McGrath class skittles Essex
Friday 21 July 2000
Worcestershire 240 & 124-7Essex 131
Worcestershire 240 & 124-7Essex 131
Ninteen wickets fell at Chelmsford yesterday, but the flying squad of pitch inspectors are only interested in first-day outrages. On the second day, blame the class of Glenn McGrath and third-rate batting by a procession of professionals on both sides.
The pitch remained docile, but McGrath made it buck like a trampoline. He is as tall as a flagpole, yards quicker than anyone else and has a stare that could curdle milk. Too many county-class batsmen, their minds whirring while they wait their turn, are half out before they get in. Thus Essex, in a low-scoring contest, conceded an advantage of 109 on first innings. Their bowlers then fought back with determination, but which ever way the game moves today yet another three-day finish is inevitable.
Essex are hampered by the absence of Darren Robinson, who broke a thumb fielding on Wednesday, and Mark Ilott limped off the field yesterday afternoon. Ilott had brushed aside the visitors' tail first thing, and then contributed a lively 25 as the Essex ship went down in mid afternoon.
Earlier in the Essex innings Paul Prichard played a rugged knock before being dismissed in curious fashion.

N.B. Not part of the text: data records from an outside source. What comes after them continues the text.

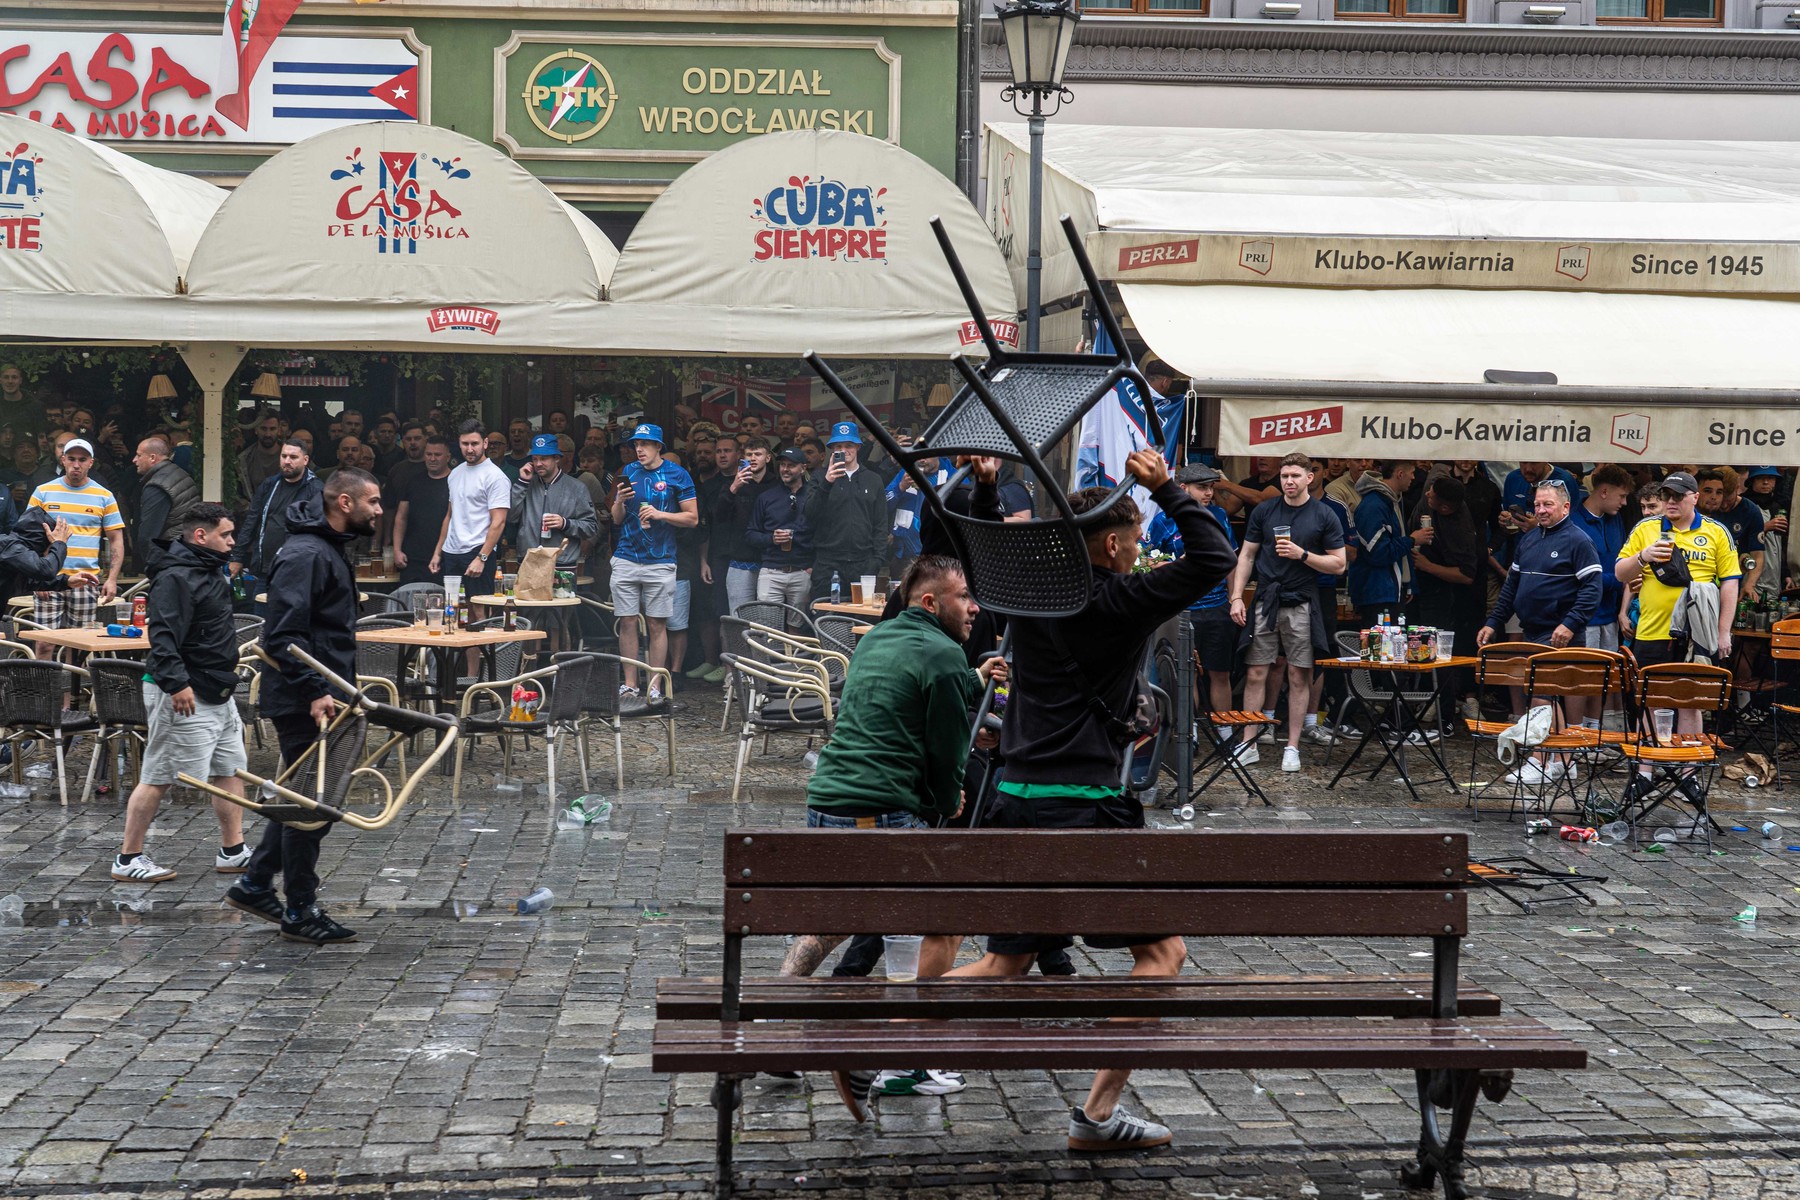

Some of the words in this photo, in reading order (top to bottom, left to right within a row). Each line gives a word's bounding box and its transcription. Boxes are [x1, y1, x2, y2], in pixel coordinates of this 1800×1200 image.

[0, 32, 211, 112] CASA
[682, 67, 831, 96] ODDZIAŁ
[532, 86, 607, 108] PTTK
[86, 110, 226, 138] MUSICA
[638, 106, 874, 135] WROCŁAWSKI
[336, 178, 462, 226] CASA
[766, 182, 876, 226] CUBA
[327, 223, 355, 237] DE
[362, 224, 388, 237] LA
[393, 223, 470, 240] MUSICA
[754, 228, 887, 260] SIEMPRE
[1128, 244, 1190, 266] PERŁA
[1245, 252, 1269, 263] PRL
[1314, 248, 1516, 273] Klubo-Kawiarnia
[1561, 258, 1585, 270] PRL
[1630, 253, 1700, 276] Since
[1705, 255, 1765, 277] 1945
[436, 307, 493, 327] ŻYWIEC
[1259, 411, 1333, 439] PERŁA
[1360, 415, 1592, 444] Klubo-Kawiarnia
[1617, 428, 1645, 441] PRL
[1707, 422, 1786, 448] Since

He played forward to the left-arm spinner Matthew Rawnsley, and Steve Rhodes attempted a stumping. Prichard went walkabout and Rhodes ripped out a stump to ensure the dismissal which, unknown to the batsman, had been in doubt. Further resistance came from Stephen Peters in a two-hour innings before Essex subsided. McGrath took his season's first-class tally to 49 with a five-wicket bag.

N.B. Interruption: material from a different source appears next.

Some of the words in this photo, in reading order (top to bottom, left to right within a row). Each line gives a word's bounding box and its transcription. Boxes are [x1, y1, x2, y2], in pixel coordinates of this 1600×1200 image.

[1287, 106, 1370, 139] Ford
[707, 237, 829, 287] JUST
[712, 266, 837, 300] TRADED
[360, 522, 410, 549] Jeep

The only spite in the fast-drying wicket was to be found in the foot marks, and Peter Such exploited them expertly when Worcestershire built on their lead. His three middle-order wickets came in 26 balls at a cost of six runs, and prevented the visitors from batting their way out of sight. His tally included Vikram Solanki, who scored at a run a ball to give a true measure of the wicket's nastiness. At stumps Worcestershire, with three wickets in hand, had a comfortable lead of 233.
* The Indian Test batsman Rahul Dravid won his personal duel with Hampshire's Australian spinner Shane Warne to get Kent out of trouble at Portsmouth. Dravid batted for almost six hours to make 137, his first Championship century since joining Kent as their overseas player for the season.